Krzysztof Witczak

Looking through engineer eyes after a break

June 20, 2022

Depending on the organisation, size and the number of teams, Engineering Managers can code from 0% to even 50% of their work time. In my case, it was 0% - for around 12 months of dealing with two teams having around 6 people each. I probably could find a time to do it, but I usually felt that I’d be doing that from my own fear of getting rusty, instead of this activity being the most impactful one that I could do right now.

However… that caused me to be blind for some of the obvious problems.

The usual situations

As engineering manager, your job is to remove blockers, support your people, hire them, coach them, improve the process and so on. It’s funny that we usually think that we understand the entire process very deeply and there is not that many things that could surprise us. I sometimes ask people to find out if there is something that I cannot see, by asking a simple open-ended quesitons like:

If you would be me, what would you change?

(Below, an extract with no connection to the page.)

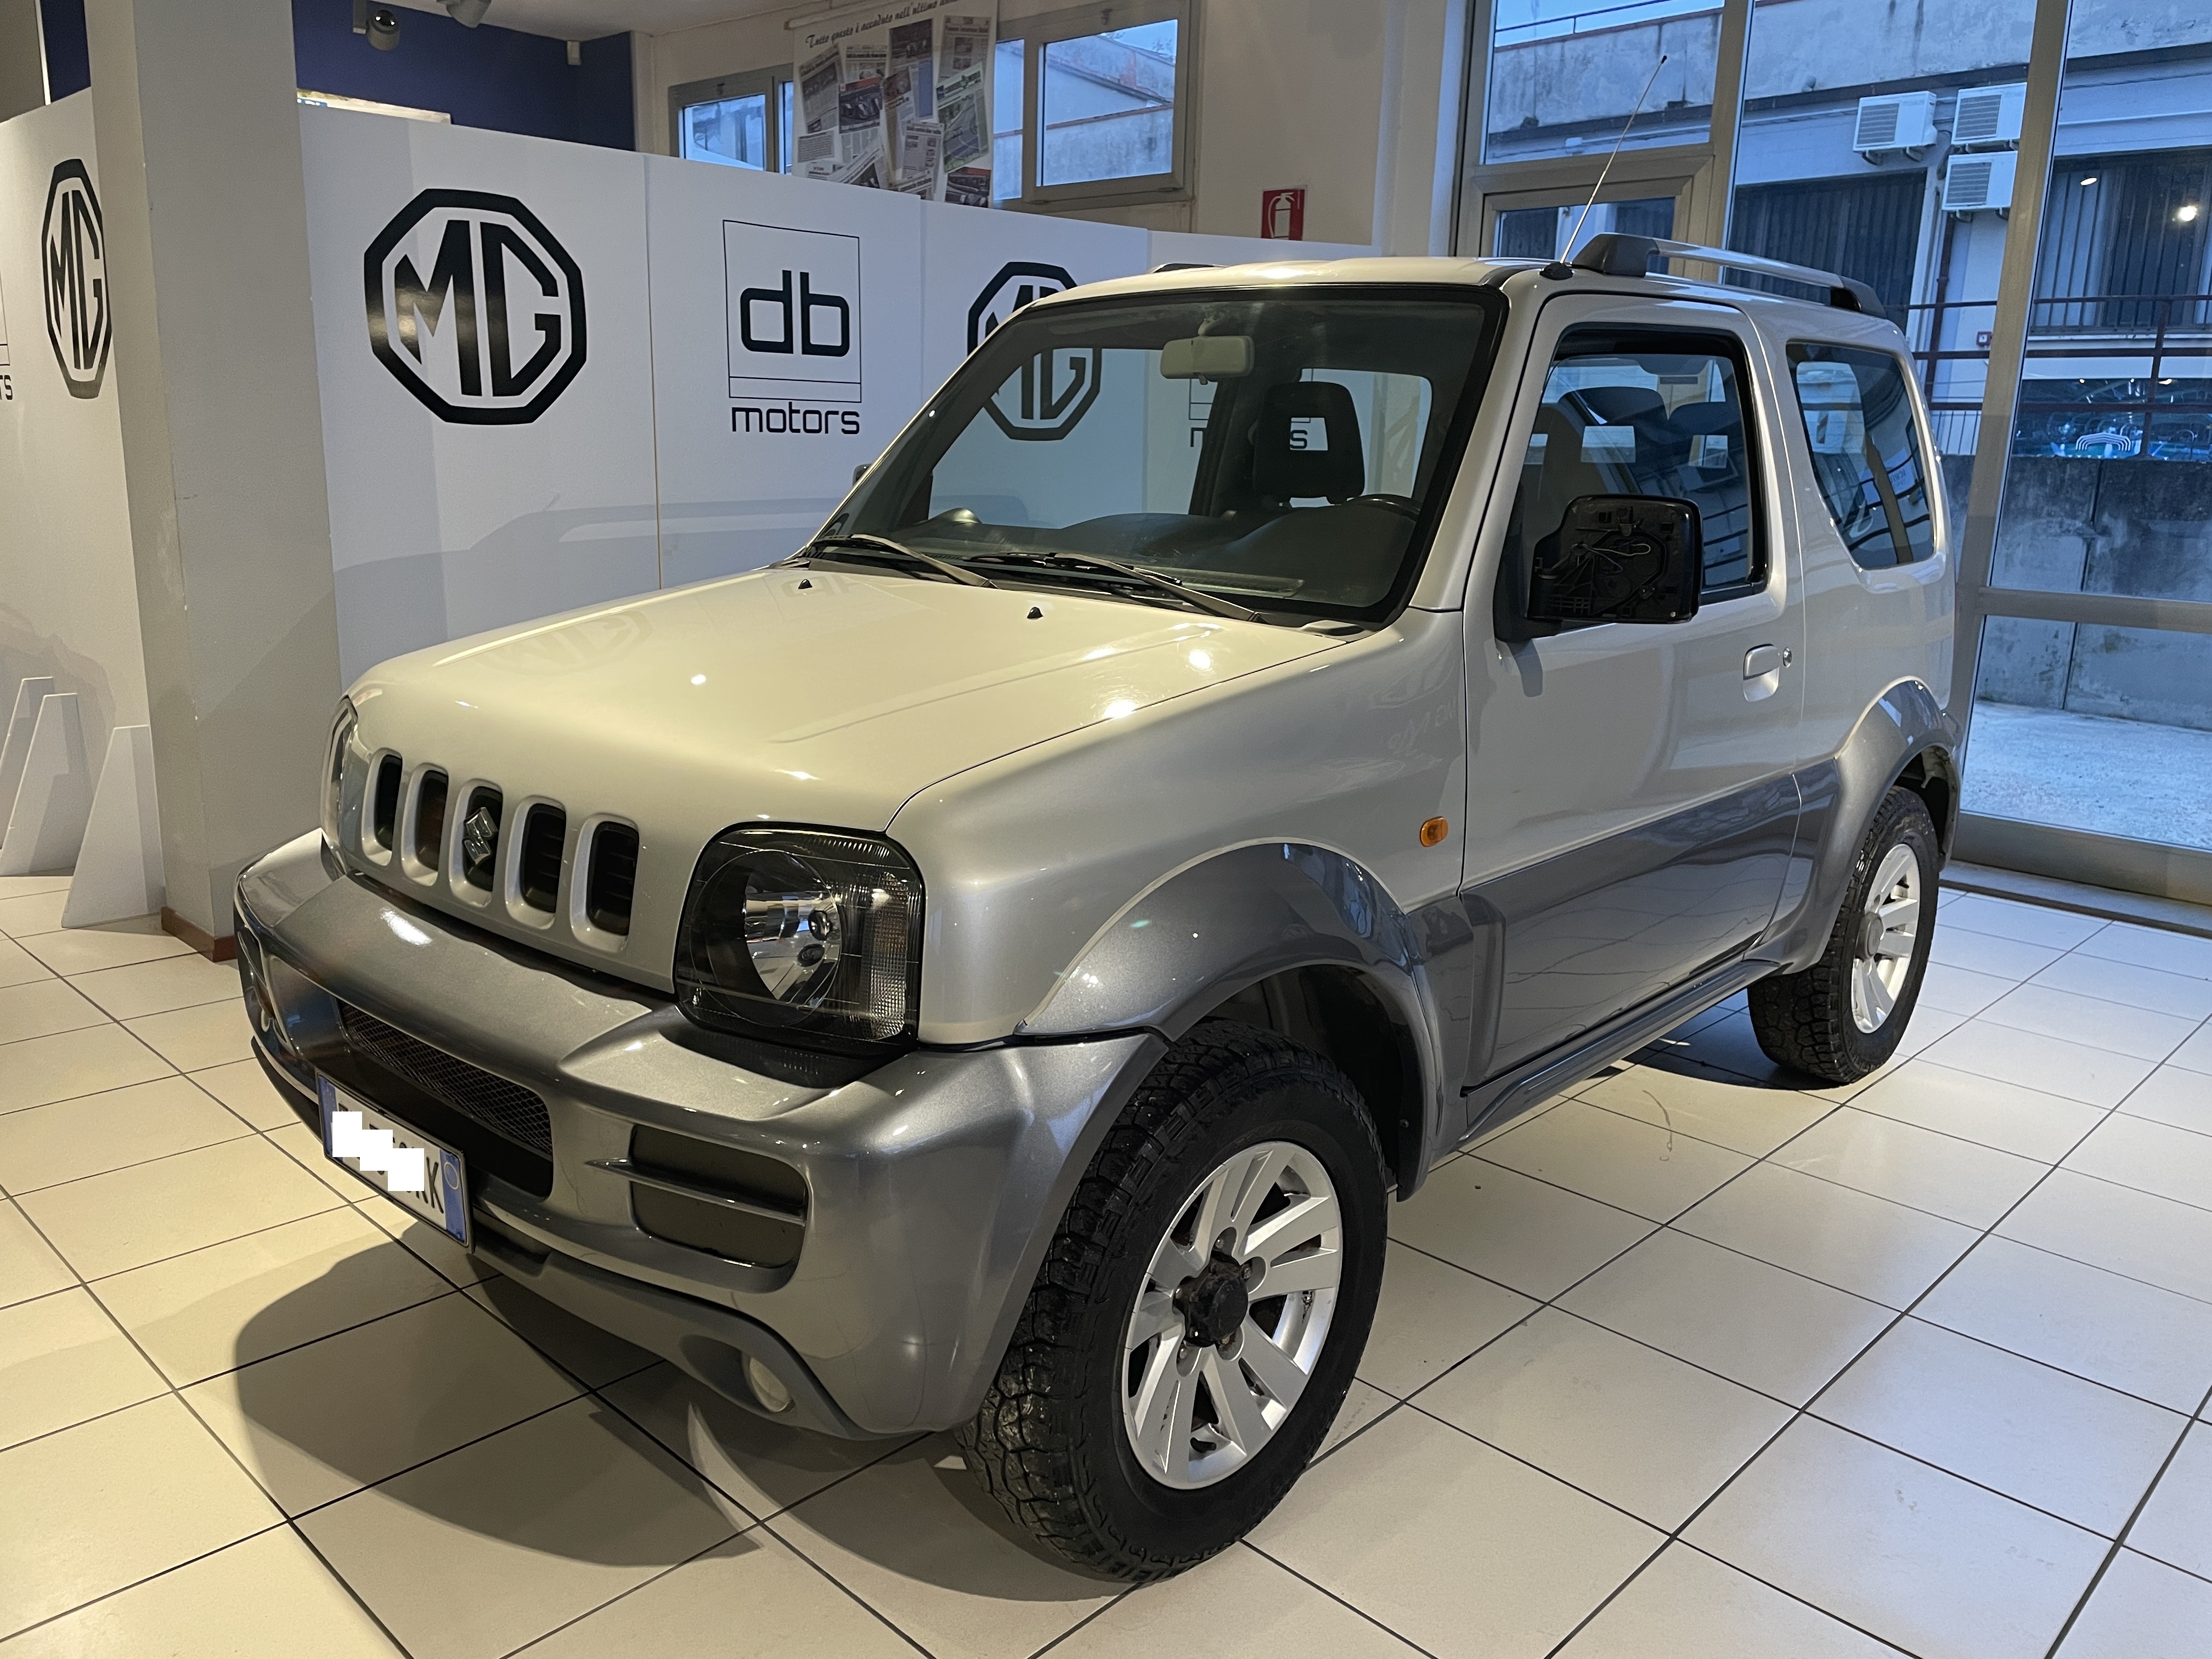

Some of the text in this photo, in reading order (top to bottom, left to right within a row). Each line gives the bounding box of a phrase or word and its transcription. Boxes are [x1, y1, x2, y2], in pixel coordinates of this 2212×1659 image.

[50, 189, 103, 370] MG
[394, 219, 562, 397] MG
[740, 269, 850, 357] db
[731, 401, 860, 435] motors

What’s not working as it should?

I sometimes get incredible answers - especially from new people - but usually engineers say, that everything is fine! When my boss asks me the same questions, this time it’s different:

  • In case of my teams, I can change whatever I want so if there is something that I want to change, what’s stopping me?
  • In case of this question, probably I need to look from a higher picture, outside of my teams - here the question makes more sense.

However, just recently we’ve added Backstage to our system, and thanks to that I’ve learned another, great source to open my brain and eyes for problems that people seem to ignore.

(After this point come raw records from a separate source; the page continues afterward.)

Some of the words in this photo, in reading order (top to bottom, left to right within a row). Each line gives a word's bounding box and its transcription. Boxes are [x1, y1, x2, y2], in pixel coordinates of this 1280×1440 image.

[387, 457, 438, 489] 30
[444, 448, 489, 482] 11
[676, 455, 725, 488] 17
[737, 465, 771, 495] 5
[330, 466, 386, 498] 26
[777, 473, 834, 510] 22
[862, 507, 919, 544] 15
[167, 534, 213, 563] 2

Being in the process for a second

In order to add something to Backstage, you need to commit directly to git repository. You can either configure Backstage configuration .yaml files or update documentation, which is automatically synchronized and published in this developer platform. Either way - what’s important, is that you need to literally commit stuff and use your pieplines to change anything.

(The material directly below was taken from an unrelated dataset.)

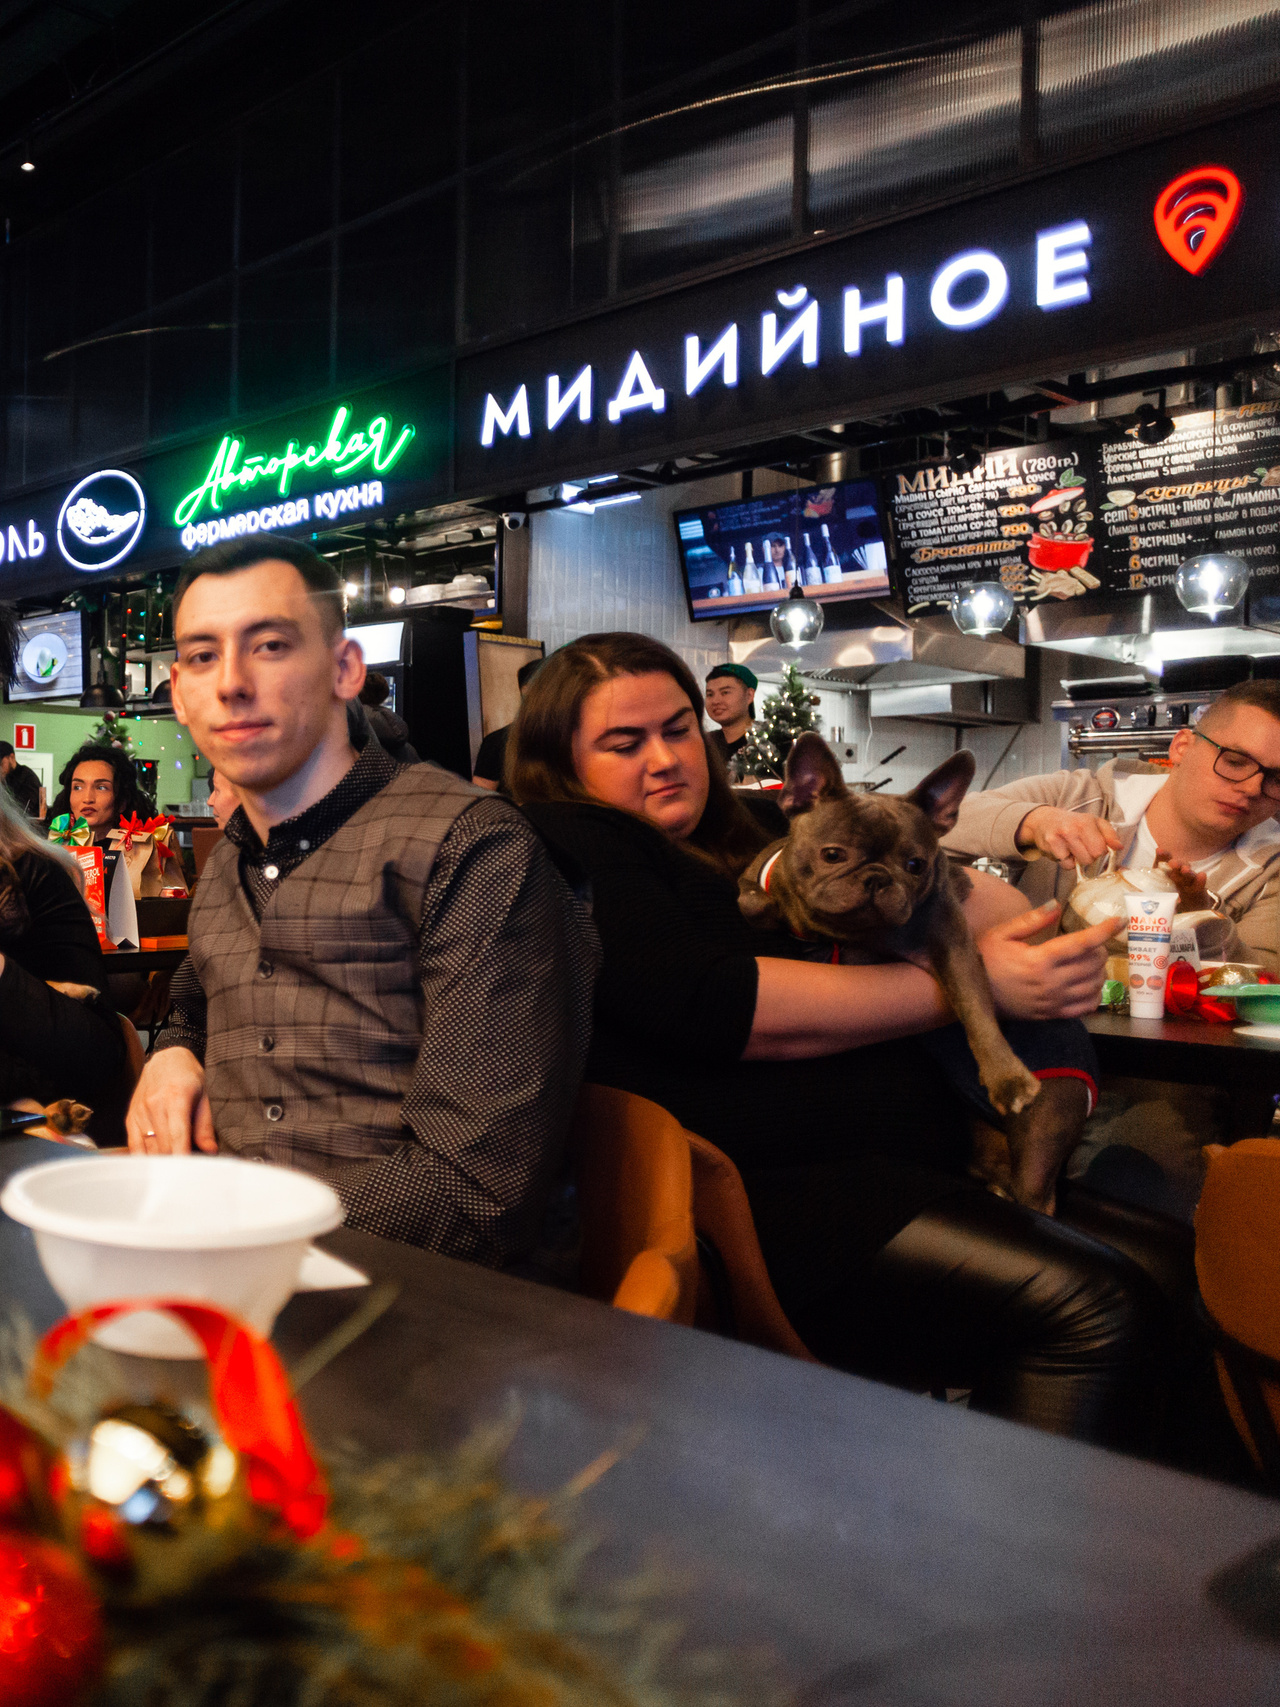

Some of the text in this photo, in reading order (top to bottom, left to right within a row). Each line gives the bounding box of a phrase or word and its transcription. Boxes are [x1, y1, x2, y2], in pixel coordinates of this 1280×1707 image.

[480, 219, 1093, 447] МИДИЙНОЕ
[174, 403, 416, 526] Авторская
[1131, 916, 1168, 926] NANO

As a result, in a couple of days I published MR’s to over 20 different repositories that we have (for the first time in 12 months). By doing it, I quickly discovered, that:

  • We have a lot of flaky tests which fail even when I’m doing non-braking changes like updating the docs…!
  • We have different code style linters across these repos.
  • We have inefficient manual deployment queing process which distrubs engineers focus.

The last one was especially shocking to me because nobody told me about this, probably due to learned helplessness. I knew about the others, but I didn’t expect that they are so annoying! If I wouldn’t commit just now, like all engineers do on a daily basis, I wouldn’t notice these obvious problems, or I would notice them far too late.

In Lean this concept was known for years now as Gemba. For some crazy reason we usually think that “with software engineering it’s different”. Maybe we need to work on our own learned helplessness as well!